Jean-Marc Chery, CEO STMicroelectronics Die Industrieelektronik wird ausgebaut

Führung bei E-Mobility verfehlt...

Deutschland sollte mal weltweit führend in der E-Mobility werden. Dieses Ziel wurde verfehlt. Was erwarten Sie sich von der Politik?

Ich hoffe, dass die Europäische Union und die einzelnen Staaten eine Strategie beschließen und eine entsprechende Industriepolitik umsetzen, die dann entsprechende Standards, Regularien und die Infrastruktur schafft, mit der die strategischen Ziele erreicht werden können.

Außerdem sollten Firmen finanziell unterstützt werden, die innovative Ideen haben, die der europäischen Strategie dienlich sind. Solche Firmen benötigen oft viel Geld, um von der Idee bis zur Serienfertigung zu kommen.
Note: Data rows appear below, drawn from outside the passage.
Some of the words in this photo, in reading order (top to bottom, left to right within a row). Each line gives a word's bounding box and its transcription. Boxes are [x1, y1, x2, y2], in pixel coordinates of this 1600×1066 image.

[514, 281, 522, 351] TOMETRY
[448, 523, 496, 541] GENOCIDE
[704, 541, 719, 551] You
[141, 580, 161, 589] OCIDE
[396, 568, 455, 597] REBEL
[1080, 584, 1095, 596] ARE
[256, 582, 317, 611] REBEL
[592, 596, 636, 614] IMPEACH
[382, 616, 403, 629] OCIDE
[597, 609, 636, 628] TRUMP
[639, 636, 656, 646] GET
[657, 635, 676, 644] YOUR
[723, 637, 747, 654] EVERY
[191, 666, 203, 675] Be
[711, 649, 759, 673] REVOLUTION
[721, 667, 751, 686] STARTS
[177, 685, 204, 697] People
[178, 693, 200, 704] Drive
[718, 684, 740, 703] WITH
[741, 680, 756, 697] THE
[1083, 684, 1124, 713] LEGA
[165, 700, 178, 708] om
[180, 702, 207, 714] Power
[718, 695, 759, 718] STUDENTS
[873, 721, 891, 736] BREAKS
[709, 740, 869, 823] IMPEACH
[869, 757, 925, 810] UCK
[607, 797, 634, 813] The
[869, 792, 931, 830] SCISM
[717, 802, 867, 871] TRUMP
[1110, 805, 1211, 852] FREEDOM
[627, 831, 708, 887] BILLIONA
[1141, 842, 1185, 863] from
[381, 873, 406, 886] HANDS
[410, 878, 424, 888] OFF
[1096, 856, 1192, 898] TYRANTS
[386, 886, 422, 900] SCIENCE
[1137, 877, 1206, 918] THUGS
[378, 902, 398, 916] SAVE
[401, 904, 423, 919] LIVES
Ein Beispiel: Als ST das Risiko eingegangen ist, hunderte Mio. Dollar in SiC zu investieren, waren wir allein. Keiner hat an SiC geglaubt. So etwas kann ein Startup überhaupt nicht leisten, die Lücke zwischen einer guten Idee und der Serienfertigung ist wirklich groß. Also sollte sich die EU dazu entschließen, Dinge, die der Zukunft Europas dienen, finanziell zu fördern.

Hat sich mit den Projects of Common Interests nicht schon einiges geändert?

Ja, PCIs sind gute Beispiele, denn hier wurde endlich eine gute Balance zwischen Unterstützung von R&D und Unterstützung für die Industrialisierung gefunden. Aus meiner Sicht spielt die Industrialisierung aber eine wichtigere Rolle, denn Länder wie die USA oder China bieten genau hier Unterstützung an. Das müssen wir in Europa auch schaffen. In Europa ist der Weg vom Startup zum Unternehmen, das in Serie fertigt, sehr steinig. Dafür ist Kapital notwendig, Venture-Capital reicht nicht aus. Es gibt in Europa viele gute Ideen, aber jeder braucht Hilfe beim Ramp-up.

Finanzielle Förderung für F&E-Aktivitäten sind nicht wichtig?

Doch, wenn es um Technologien geht, mit denen wir uns differenzieren können. Beispielsweise können wir als Halbleiterhersteller viele Dinge in Taiwan kaufen, aber in manchen Bereichen wäre es vielleicht sinnvoll, diese Technologien hier zu entwickeln und auch hier zu fertigen.

Wie sehen die aktuellen Lieferzeiten von ST für Leistungshalbleiter, insbesondere MOSFETs, aus? Welche Maßnahmen haben Sie ergriffen, um die Situation offenbar schneller zu entspannen als andere?

Dank des Erfolgs unserer Strategie und Produkt-Roadmap stiegen die Volumina 2018 deutlich an, sogar stärker als von uns erwartet. Um dieser hohen Nachfrage gerecht zu werden, haben wir stark in unsere Fertigungen in Catania und Singapur investiert, um die Bedürfnisse unserer Kunden, insbesondere im Automobil- und Industriebereich, zu erfüllen.

ST konzentriert sich im Leistungshalbleiterbereich traditionell auf kleinere Leistungen. Ist in Zukunft eine Ausweitung des Engagements auf höhere Leistungen denkbar?

Wir haben unsere Produkt-Roadmap sowohl im Die- als auch im Modulbereich für IGBTs in 750, 900 und 1200 V ausgebaut und arbeiten an 1700 V für industrielle Anwendungen. Wir drängen definitiv auf dieses Gebiet, insbesondere im Automobilbereich. Auch im Siliziumbereich haben wir unsere Strategie bei den Leistungsmodulen um ein Komplettangebot ergänzt.